Extract the listing below in full, unchanged.
Top of PROVIDED ENTRIES
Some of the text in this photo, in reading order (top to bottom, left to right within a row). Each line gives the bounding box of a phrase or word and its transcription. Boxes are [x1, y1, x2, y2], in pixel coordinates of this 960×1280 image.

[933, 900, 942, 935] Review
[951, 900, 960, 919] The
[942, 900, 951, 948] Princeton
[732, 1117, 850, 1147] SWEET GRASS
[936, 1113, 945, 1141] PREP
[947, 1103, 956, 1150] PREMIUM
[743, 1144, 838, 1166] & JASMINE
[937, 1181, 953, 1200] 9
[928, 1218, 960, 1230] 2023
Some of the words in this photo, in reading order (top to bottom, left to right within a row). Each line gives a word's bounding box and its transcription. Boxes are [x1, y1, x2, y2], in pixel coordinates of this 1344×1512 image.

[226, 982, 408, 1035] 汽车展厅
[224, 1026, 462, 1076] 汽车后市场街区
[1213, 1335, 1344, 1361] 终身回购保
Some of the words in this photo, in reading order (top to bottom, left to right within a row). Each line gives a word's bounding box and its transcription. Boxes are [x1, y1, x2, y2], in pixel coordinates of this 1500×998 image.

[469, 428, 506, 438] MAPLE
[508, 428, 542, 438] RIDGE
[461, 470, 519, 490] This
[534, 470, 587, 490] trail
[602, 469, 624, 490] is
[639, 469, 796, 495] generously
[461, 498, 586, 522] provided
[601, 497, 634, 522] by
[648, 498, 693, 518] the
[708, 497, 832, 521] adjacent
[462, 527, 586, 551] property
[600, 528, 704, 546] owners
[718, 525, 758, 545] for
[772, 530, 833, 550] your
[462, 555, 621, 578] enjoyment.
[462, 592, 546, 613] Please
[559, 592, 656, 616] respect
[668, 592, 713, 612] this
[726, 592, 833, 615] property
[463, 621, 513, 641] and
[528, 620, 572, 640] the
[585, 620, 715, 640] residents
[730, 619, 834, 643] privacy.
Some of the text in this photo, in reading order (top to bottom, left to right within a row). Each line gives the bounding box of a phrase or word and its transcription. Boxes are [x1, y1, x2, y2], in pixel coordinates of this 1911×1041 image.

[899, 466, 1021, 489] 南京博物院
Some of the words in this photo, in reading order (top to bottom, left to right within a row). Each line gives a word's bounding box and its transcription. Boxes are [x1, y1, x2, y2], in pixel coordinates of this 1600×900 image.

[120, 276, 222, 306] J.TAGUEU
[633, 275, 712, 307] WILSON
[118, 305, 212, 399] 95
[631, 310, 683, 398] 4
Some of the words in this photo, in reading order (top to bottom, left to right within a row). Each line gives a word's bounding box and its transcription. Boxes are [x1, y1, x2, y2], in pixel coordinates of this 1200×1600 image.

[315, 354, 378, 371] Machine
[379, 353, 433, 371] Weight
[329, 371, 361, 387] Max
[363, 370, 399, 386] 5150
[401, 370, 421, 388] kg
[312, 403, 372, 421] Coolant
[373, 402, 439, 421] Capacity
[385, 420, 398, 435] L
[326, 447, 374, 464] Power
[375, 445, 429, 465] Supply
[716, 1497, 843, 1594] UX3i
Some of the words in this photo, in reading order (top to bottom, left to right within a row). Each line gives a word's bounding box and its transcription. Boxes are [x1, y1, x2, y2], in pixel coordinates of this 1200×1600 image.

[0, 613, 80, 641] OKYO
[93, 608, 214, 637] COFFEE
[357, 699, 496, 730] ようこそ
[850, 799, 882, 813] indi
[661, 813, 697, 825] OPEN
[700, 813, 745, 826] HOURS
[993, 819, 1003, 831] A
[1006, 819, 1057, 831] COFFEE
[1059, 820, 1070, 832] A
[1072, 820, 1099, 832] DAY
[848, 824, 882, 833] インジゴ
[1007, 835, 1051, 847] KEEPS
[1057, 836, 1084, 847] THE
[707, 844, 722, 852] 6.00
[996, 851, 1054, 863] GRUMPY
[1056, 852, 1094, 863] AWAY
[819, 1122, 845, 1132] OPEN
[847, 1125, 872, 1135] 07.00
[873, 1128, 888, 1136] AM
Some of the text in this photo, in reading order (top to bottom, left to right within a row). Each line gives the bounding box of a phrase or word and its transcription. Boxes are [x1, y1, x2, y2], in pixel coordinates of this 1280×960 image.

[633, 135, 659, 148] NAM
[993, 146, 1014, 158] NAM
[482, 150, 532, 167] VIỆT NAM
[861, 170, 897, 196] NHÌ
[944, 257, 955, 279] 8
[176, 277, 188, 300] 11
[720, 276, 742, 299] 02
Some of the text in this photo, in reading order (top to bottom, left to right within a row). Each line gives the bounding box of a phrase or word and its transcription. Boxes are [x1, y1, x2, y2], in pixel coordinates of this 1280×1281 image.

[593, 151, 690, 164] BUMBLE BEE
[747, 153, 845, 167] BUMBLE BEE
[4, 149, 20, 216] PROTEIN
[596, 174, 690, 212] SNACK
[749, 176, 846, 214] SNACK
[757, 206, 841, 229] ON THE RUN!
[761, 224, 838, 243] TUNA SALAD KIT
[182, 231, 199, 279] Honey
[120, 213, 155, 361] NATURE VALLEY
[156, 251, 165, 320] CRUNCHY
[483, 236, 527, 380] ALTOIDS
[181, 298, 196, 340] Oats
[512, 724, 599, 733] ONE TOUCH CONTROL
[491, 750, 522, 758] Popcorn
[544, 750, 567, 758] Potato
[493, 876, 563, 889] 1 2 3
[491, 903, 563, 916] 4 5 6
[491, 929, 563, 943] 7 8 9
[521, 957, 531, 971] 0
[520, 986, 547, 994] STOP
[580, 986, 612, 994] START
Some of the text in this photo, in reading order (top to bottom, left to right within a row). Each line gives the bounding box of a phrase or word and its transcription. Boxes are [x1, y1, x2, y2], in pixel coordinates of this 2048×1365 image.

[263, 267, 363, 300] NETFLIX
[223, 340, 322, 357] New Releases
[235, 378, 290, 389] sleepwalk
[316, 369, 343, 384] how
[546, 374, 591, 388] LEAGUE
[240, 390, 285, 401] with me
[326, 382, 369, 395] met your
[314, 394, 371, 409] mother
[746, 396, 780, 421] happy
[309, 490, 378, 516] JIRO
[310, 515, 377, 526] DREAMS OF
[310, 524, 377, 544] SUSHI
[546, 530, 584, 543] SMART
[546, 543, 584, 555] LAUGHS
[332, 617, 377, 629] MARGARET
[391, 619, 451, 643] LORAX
Bottom of PROVIDED ENTRIES
SOLUTION
Some of the text in this photo, in reading order (top to bottom, left to right within a row). Each line gives the bounding box of a phrase or word and its transcription. Boxes are [x1, y1, x2, y2], in pixel coordinates of this 960×1280 image.

[933, 900, 942, 935] Review
[951, 900, 960, 919] The
[942, 900, 951, 948] Princeton
[732, 1117, 850, 1147] SWEET GRASS
[936, 1113, 945, 1141] PREP
[947, 1103, 956, 1150] PREMIUM
[743, 1144, 838, 1166] & JASMINE
[937, 1181, 953, 1200] 9
[928, 1218, 960, 1230] 2023
Some of the words in this photo, in reading order (top to bottom, left to right within a row). Each line gives a word's bounding box and its transcription. Boxes are [x1, y1, x2, y2], in pixel coordinates of this 1344×1512 image.

[226, 982, 408, 1035] 汽车展厅
[224, 1026, 462, 1076] 汽车后市场街区
[1213, 1335, 1344, 1361] 终身回购保
Some of the words in this photo, in reading order (top to bottom, left to right within a row). Each line gives a word's bounding box and its transcription. Boxes are [x1, y1, x2, y2], in pixel coordinates of this 1500×998 image.

[469, 428, 506, 438] MAPLE
[508, 428, 542, 438] RIDGE
[461, 470, 519, 490] This
[534, 470, 587, 490] trail
[602, 469, 624, 490] is
[639, 469, 796, 495] generously
[461, 498, 586, 522] provided
[601, 497, 634, 522] by
[648, 498, 693, 518] the
[708, 497, 832, 521] adjacent
[462, 527, 586, 551] property
[600, 528, 704, 546] owners
[718, 525, 758, 545] for
[772, 530, 833, 550] your
[462, 555, 621, 578] enjoyment.
[462, 592, 546, 613] Please
[559, 592, 656, 616] respect
[668, 592, 713, 612] this
[726, 592, 833, 615] property
[463, 621, 513, 641] and
[528, 620, 572, 640] the
[585, 620, 715, 640] residents
[730, 619, 834, 643] privacy.
Some of the text in this photo, in reading order (top to bottom, left to right within a row). Each line gives the bounding box of a phrase or word and its transcription. Boxes are [x1, y1, x2, y2], in pixel coordinates of this 1911×1041 image.

[899, 466, 1021, 489] 南京博物院
Some of the words in this photo, in reading order (top to bottom, left to right within a row). Each line gives a word's bounding box and its transcription. Boxes are [x1, y1, x2, y2], in pixel coordinates of this 1600×900 image.

[120, 276, 222, 306] J.TAGUEU
[633, 275, 712, 307] WILSON
[118, 305, 212, 399] 95
[631, 310, 683, 398] 4
Some of the words in this photo, in reading order (top to bottom, left to right within a row). Each line gives a word's bounding box and its transcription. Boxes are [x1, y1, x2, y2], in pixel coordinates of this 1200×1600 image.

[315, 354, 378, 371] Machine
[379, 353, 433, 371] Weight
[329, 371, 361, 387] Max
[363, 370, 399, 386] 5150
[401, 370, 421, 388] kg
[312, 403, 372, 421] Coolant
[373, 402, 439, 421] Capacity
[385, 420, 398, 435] L
[326, 447, 374, 464] Power
[375, 445, 429, 465] Supply
[716, 1497, 843, 1594] UX3i
Some of the words in this photo, in reading order (top to bottom, left to right within a row). Each line gives a word's bounding box and its transcription. Boxes are [x1, y1, x2, y2], in pixel coordinates of this 1200×1600 image.

[0, 613, 80, 641] OKYO
[93, 608, 214, 637] COFFEE
[357, 699, 496, 730] ようこそ
[850, 799, 882, 813] indi
[661, 813, 697, 825] OPEN
[700, 813, 745, 826] HOURS
[993, 819, 1003, 831] A
[1006, 819, 1057, 831] COFFEE
[1059, 820, 1070, 832] A
[1072, 820, 1099, 832] DAY
[848, 824, 882, 833] インジゴ
[1007, 835, 1051, 847] KEEPS
[1057, 836, 1084, 847] THE
[707, 844, 722, 852] 6.00
[996, 851, 1054, 863] GRUMPY
[1056, 852, 1094, 863] AWAY
[819, 1122, 845, 1132] OPEN
[847, 1125, 872, 1135] 07.00
[873, 1128, 888, 1136] AM
Some of the text in this photo, in reading order (top to bottom, left to right within a row). Each line gives the bounding box of a phrase or word and its transcription. Boxes are [x1, y1, x2, y2], in pixel coordinates of this 1280×960 image.

[633, 135, 659, 148] NAM
[993, 146, 1014, 158] NAM
[482, 150, 532, 167] VIỆT NAM
[861, 170, 897, 196] NHÌ
[944, 257, 955, 279] 8
[176, 277, 188, 300] 11
[720, 276, 742, 299] 02
Some of the text in this photo, in reading order (top to bottom, left to right within a row). Each line gives the bounding box of a phrase or word and its transcription. Boxes are [x1, y1, x2, y2], in pixel coordinates of this 1280×1281 image.

[593, 151, 690, 164] BUMBLE BEE
[747, 153, 845, 167] BUMBLE BEE
[4, 149, 20, 216] PROTEIN
[596, 174, 690, 212] SNACK
[749, 176, 846, 214] SNACK
[757, 206, 841, 229] ON THE RUN!
[761, 224, 838, 243] TUNA SALAD KIT
[182, 231, 199, 279] Honey
[120, 213, 155, 361] NATURE VALLEY
[156, 251, 165, 320] CRUNCHY
[483, 236, 527, 380] ALTOIDS
[181, 298, 196, 340] Oats
[512, 724, 599, 733] ONE TOUCH CONTROL
[491, 750, 522, 758] Popcorn
[544, 750, 567, 758] Potato
[493, 876, 563, 889] 1 2 3
[491, 903, 563, 916] 4 5 6
[491, 929, 563, 943] 7 8 9
[521, 957, 531, 971] 0
[520, 986, 547, 994] STOP
[580, 986, 612, 994] START
Some of the text in this photo, in reading order (top to bottom, left to right within a row). Each line gives the bounding box of a phrase or word and its transcription. Boxes are [x1, y1, x2, y2], in pixel coordinates of this 2048×1365 image.

[263, 267, 363, 300] NETFLIX
[223, 340, 322, 357] New Releases
[235, 378, 290, 389] sleepwalk
[316, 369, 343, 384] how
[546, 374, 591, 388] LEAGUE
[240, 390, 285, 401] with me
[326, 382, 369, 395] met your
[314, 394, 371, 409] mother
[746, 396, 780, 421] happy
[309, 490, 378, 516] JIRO
[310, 515, 377, 526] DREAMS OF
[310, 524, 377, 544] SUSHI
[546, 530, 584, 543] SMART
[546, 543, 584, 555] LAUGHS
[332, 617, 377, 629] MARGARET
[391, 619, 451, 643] LORAX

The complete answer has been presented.